::: Data section
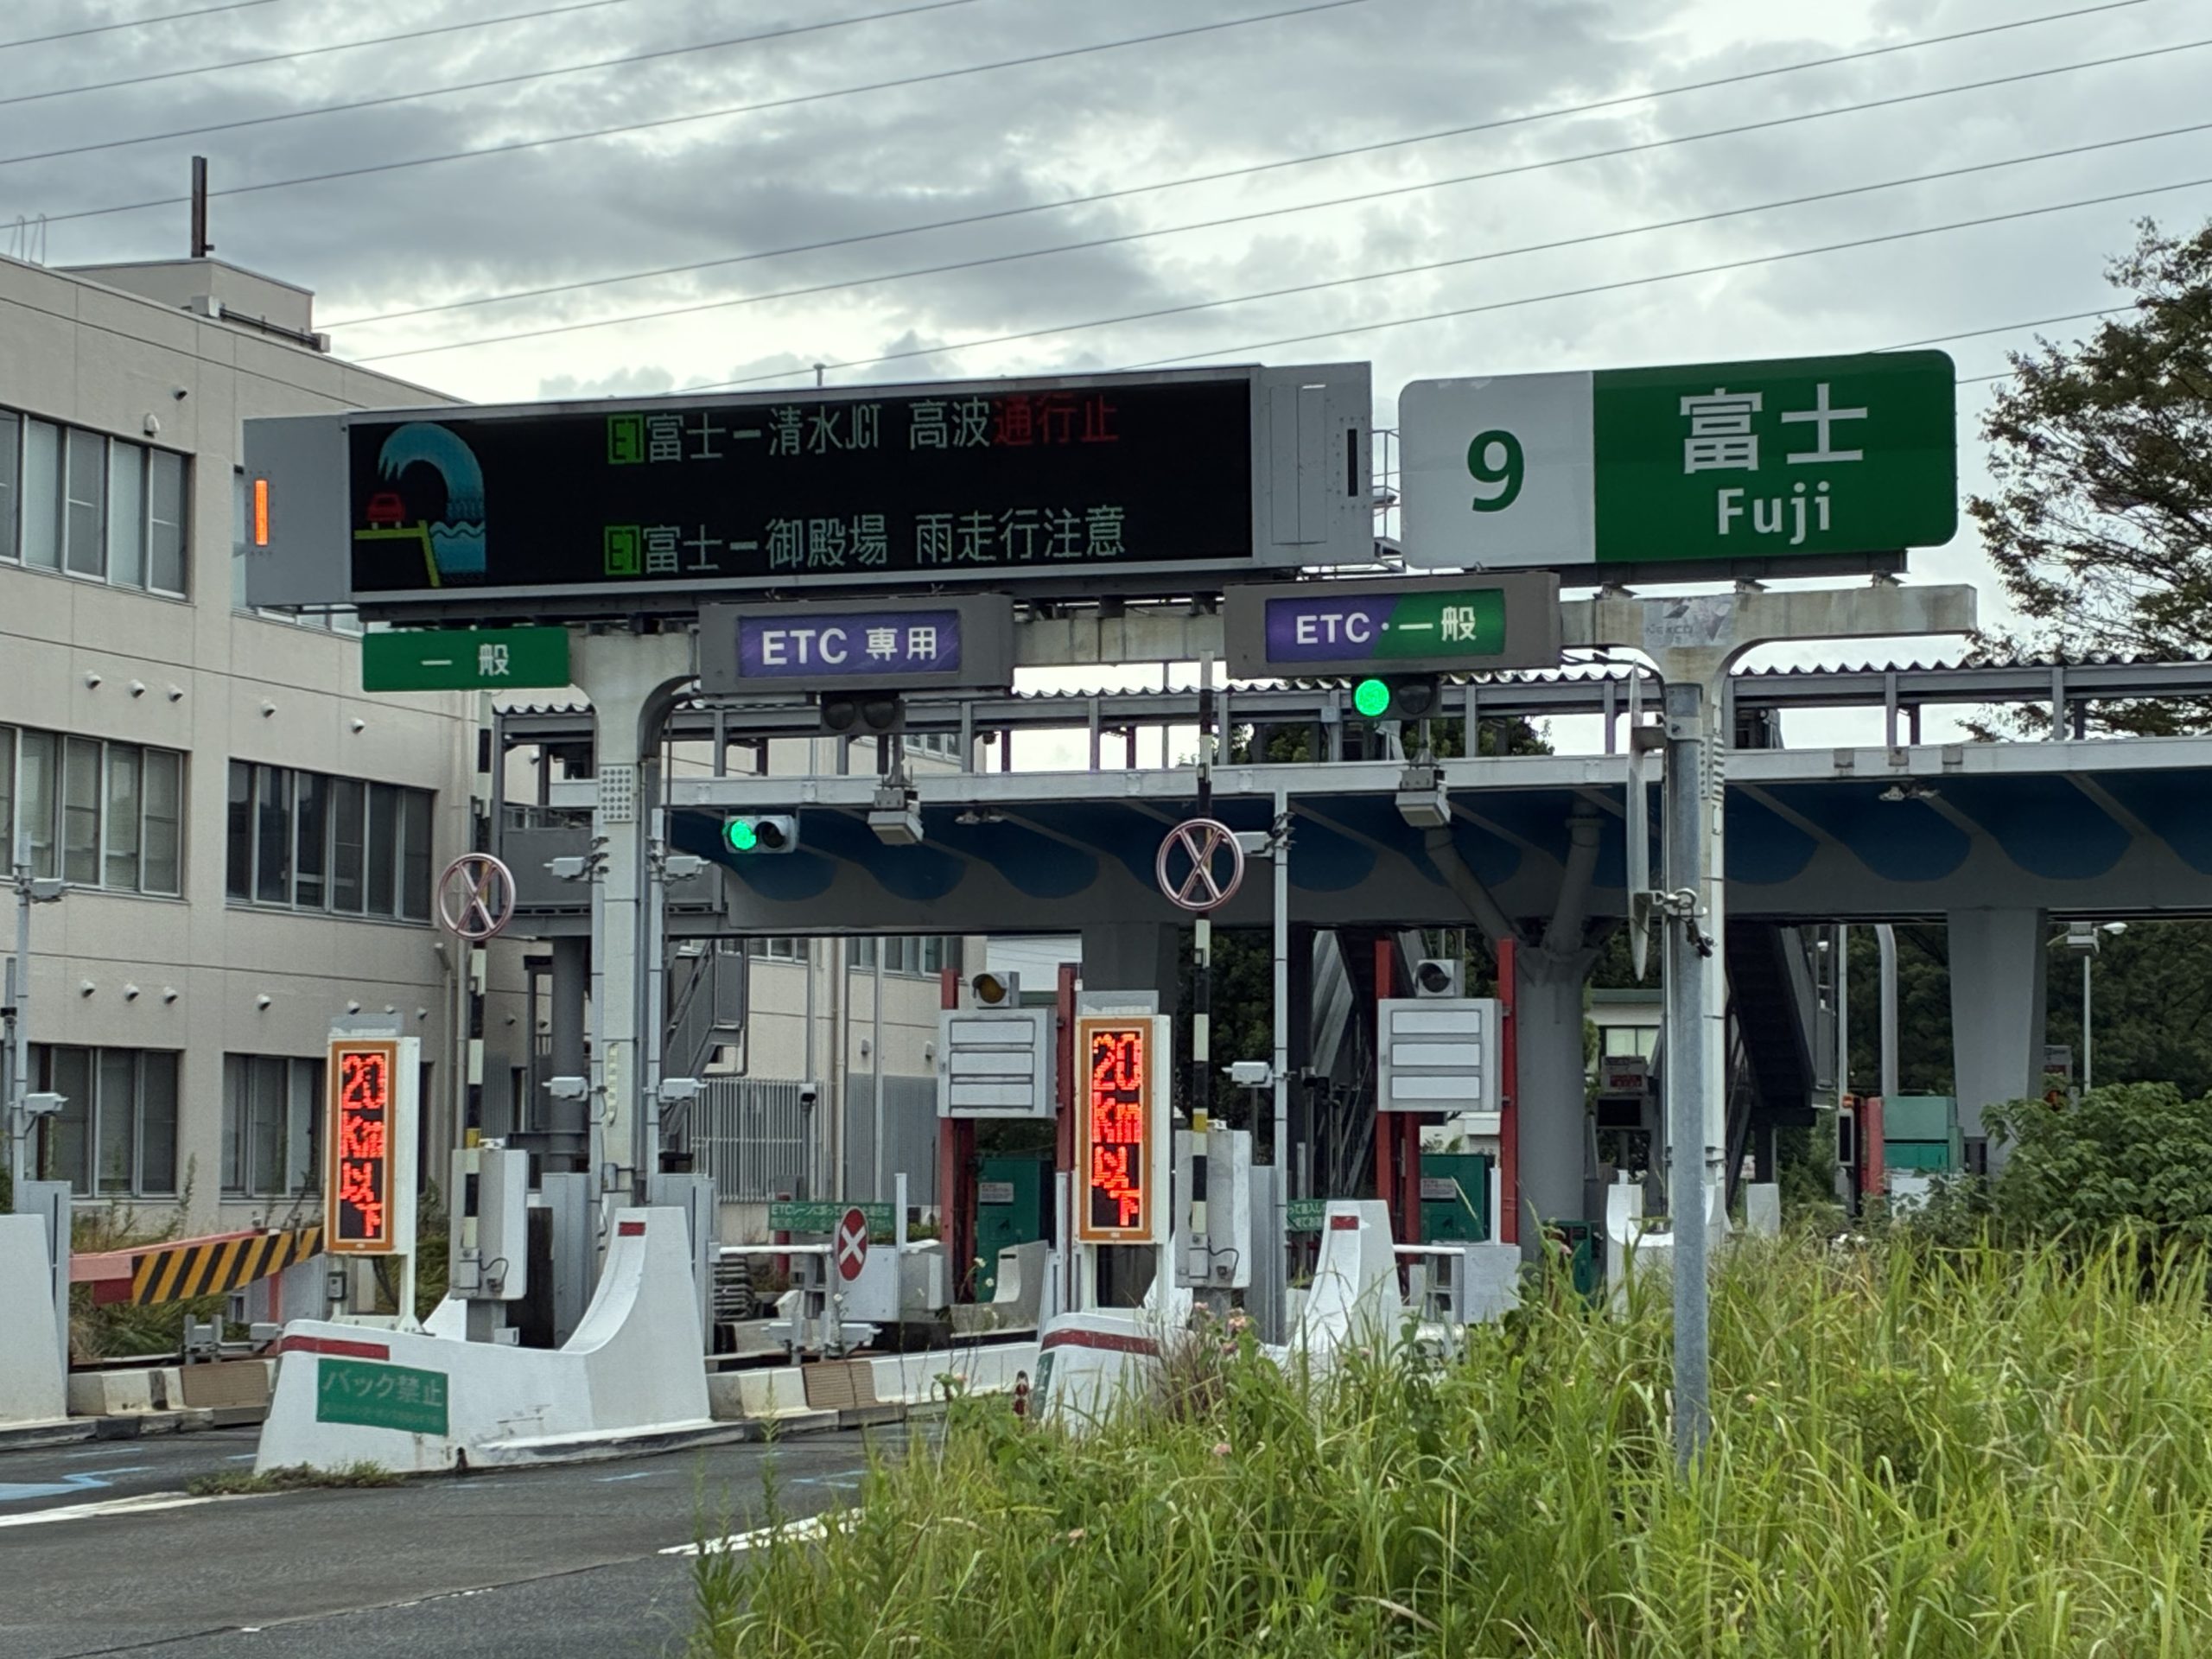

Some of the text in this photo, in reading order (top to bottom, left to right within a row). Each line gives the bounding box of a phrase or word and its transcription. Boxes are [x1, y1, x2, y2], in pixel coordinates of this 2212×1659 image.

[1680, 383, 1868, 474] 富士
[1466, 429, 1525, 513] 9
[915, 505, 1126, 564] 雨走行注意
[1717, 480, 1831, 545] Fuji
[421, 643, 511, 677] 一般
[322, 1369, 443, 1408] バック禁止
::::::
> Your task: Down to the last line, set down the data above exactly, and omit all images.

> Result:
Some of the text in this photo, in reading order (top to bottom, left to right within a row). Each line gives the bounding box of a phrase or word and its transcription. Boxes are [x1, y1, x2, y2], in pixel coordinates of this 2212×1659 image.

[1680, 383, 1868, 474] 富士
[1466, 429, 1525, 513] 9
[915, 505, 1126, 564] 雨走行注意
[1717, 480, 1831, 545] Fuji
[421, 643, 511, 677] 一般
[322, 1369, 443, 1408] バック禁止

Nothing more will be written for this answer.